Não sei. Mas pedi a palavra. Fez-se silêncio súbito, aqueles momentos feéricos de um jantar em que todos se calam ao mesmo tempo e quem estava a falar sente que ganhou uma responsabilidade acrescida e terrível. Citei então um estudo que tinha lido há pouco tempo no "New York Times" que sustentava a tese de que o desejo nas mulheres não é "relacional mas narcisista". Séculos a acreditarmos que o desejo das mulheres está dependente duma esfera de "intimidade" e "confiança" nas relações, quando na realidade o que elas procuram é ser objecto de cobiça "homo-erótica". Tudo mais primitivo e narcisista. Resumindo: o que tu queres sei eu.

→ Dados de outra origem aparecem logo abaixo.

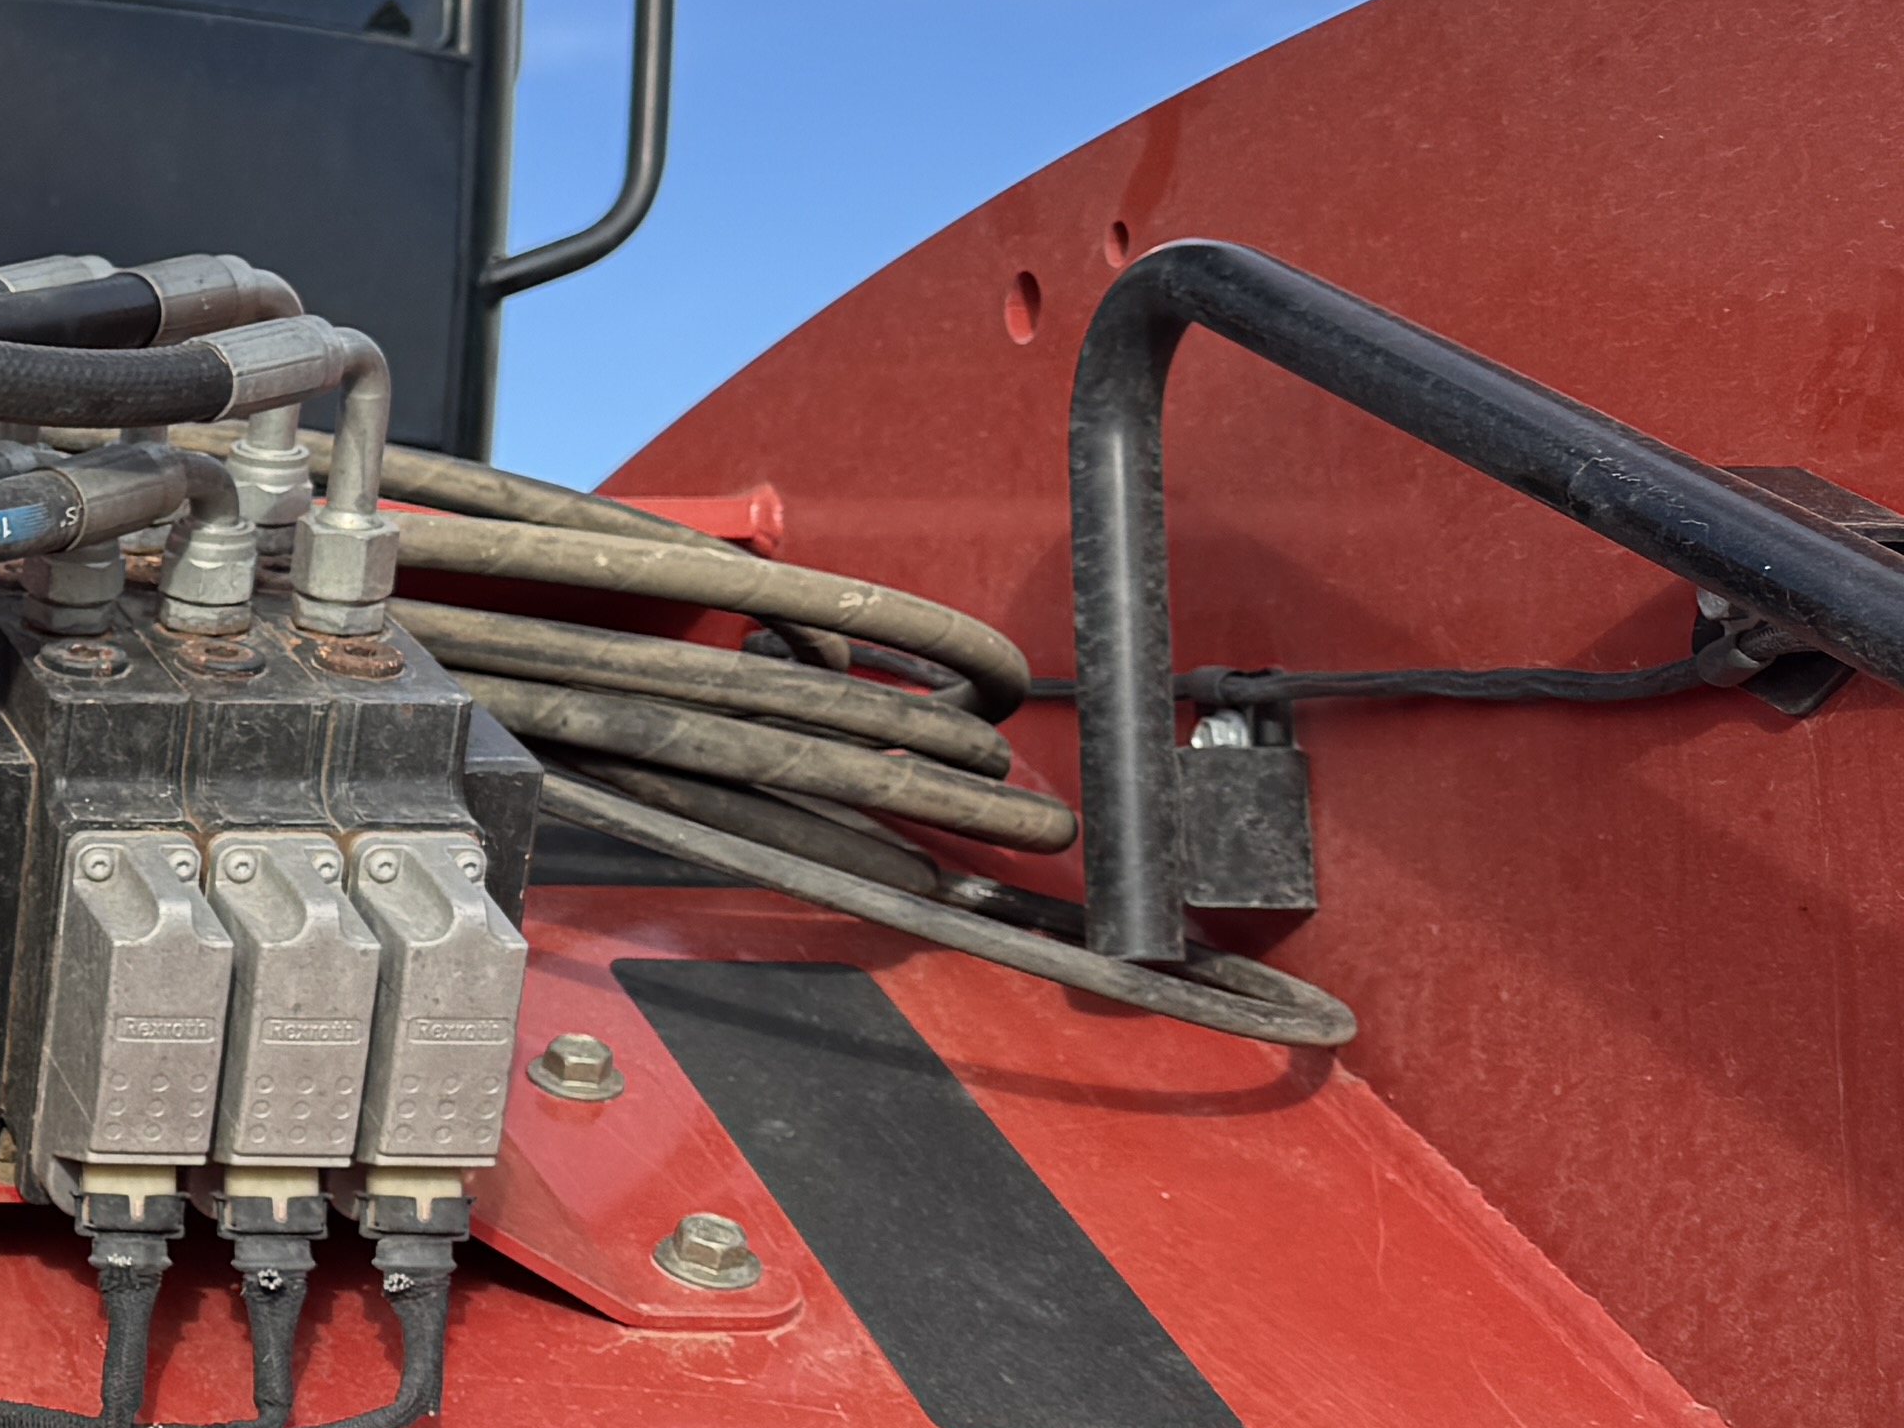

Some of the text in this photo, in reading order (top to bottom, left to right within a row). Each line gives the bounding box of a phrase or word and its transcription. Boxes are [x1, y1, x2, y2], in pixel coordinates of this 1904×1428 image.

[122, 1017, 208, 1038] Rexroth
[271, 1018, 355, 1040] Rexroth
[418, 1018, 502, 1040] Rexroth

Acrescentei, quase a justificar-me, que este era só um estudo académico e eu não podia garantir a sua consistência. De qualquer maneira, assim que me calei percebi imediatamente que tinha surgido uma certa tensão entre R. e a mulher, pelo desconforto evasivo com que ele me ouviu e pelos comentários aprovadores que ela me fez. R. ridicularizou o cientismo barato que tira conclusões não se sabe bem a partir do quê. A mulher recusou tudo o que ele disse.

Não tomei parte. Embora a prudência me recomendasse algum recato, não consegui deixar de pensar: haverá ainda sexo entre R. e a mulher? Ou serão eles outro casamento em declínio, mutilado pelo fim do desejo e por uma revolta surda e crescente como são todas as revoltas femininas? Dois minutos a pensar, até parar de pensar. Chegou o café.

Cada amizade define-se pelas regras de comportamento que cria. Do que não se pode falar, deve guardar-se silêncio. Na minha jovem amizade com R., eu tinha acabado de quebrar o nosso código de conduta.